King Halim (bagian 4)

“…Begitulah makanan yang dulu saya masak, saya bawa ke kantor, saya nikmati dengan teman-teman di sana mampu meninggalkan kenangan. Makanan plus kebersamaan sama dengan kenangan. Sederhana sekali :)…” – King Halim (bagian 3)

Suatu pagi saya melihat seseorang yang jelas tak asing bagi saya. Rifda, teman baik selama kuliah di Desain Produk, duduk di bangku yang saya duduki di hari pertama kerja. Sekitar pukul sepuluh, Tomo datang bersama Rifda ke ruang konseptor. Saat Tomo mengenalkan Rifda pada teman-teman desain, saya merasa sedikit kikuk. Bukan kenapa, hanya agak aneh bertemu lagi dengan seorang teman baik yang kemudian menjadi partner kerja di sana. Tapi itu hanya terjadi pada hari pertama, selanjutnya saya senang bisa bertemu lagi dengan Rifda. Pun begitu dengannya. Kami menganggap pertemuan itu seperti sebuah berkah (lagi) yang layak dinikmati.
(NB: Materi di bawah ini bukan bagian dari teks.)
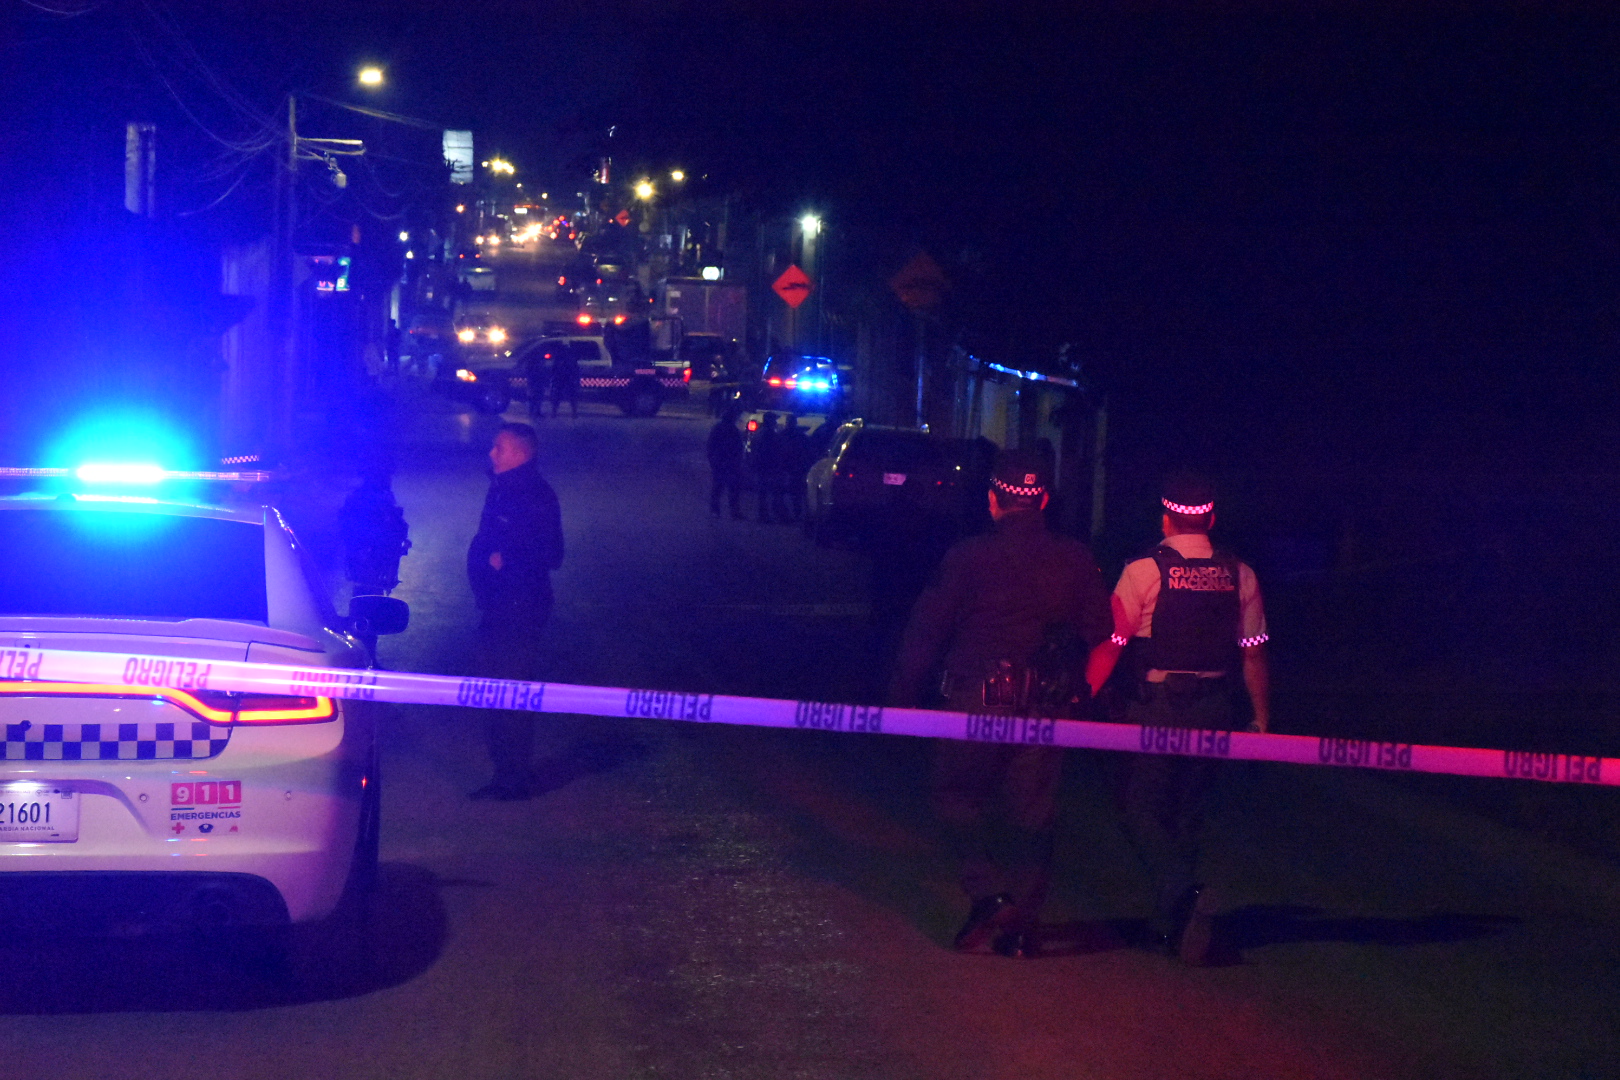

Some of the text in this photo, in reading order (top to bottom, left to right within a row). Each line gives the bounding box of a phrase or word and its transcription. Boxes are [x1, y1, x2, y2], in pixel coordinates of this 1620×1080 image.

[1169, 566, 1232, 578] GUARDIA
[1169, 577, 1235, 591] NACIONAL
[122, 657, 211, 689] PELIGRO
[290, 670, 376, 699] PELIGRO
[457, 676, 543, 709] PELIGRO
[626, 689, 711, 720] PELIGRO
[796, 700, 881, 730] PELIGRO
[966, 713, 1054, 743] PELIGRO
[1140, 725, 1229, 754] PELIGRO
[1319, 738, 1411, 768] PELIGRO
[1504, 751, 1600, 780] PELIGRO
[176, 784, 234, 802] 911
[171, 811, 241, 820] EMERGENCIAS
Sejak Rifda bergabung dengan kami, suasana tim lebih bervariasi. Rifda, Yuriko, dan Edwin (termasuk saya) menemukan koloni baru ; koloni untuk bermalas-malasan pada target desain, koloni yang lebih tertarik dengan gosip-gosip seputar kantor (kalau saja manajer saya dulu membaca tulisan ini, oh Tuhan, maaf ya Ko :P), koloni yang tak pernah semangat melakoni meeting dengan manajemen (maaf lagi Ko :P), dan koloni yang selalu bersemangat saat jam makan siang pun jam pulang. Saya tak termasuk di koloni terakhir. Saat di King Halim, Rifda masih seperti dulu, yang selalu terbuka pada hal-hal baru meski kadang moody sekali perihal tugas dan target. Rifda tentu saja jauh lebih menikmati waktu bersama Yuriko sekedar membahas film favorit masing-masing.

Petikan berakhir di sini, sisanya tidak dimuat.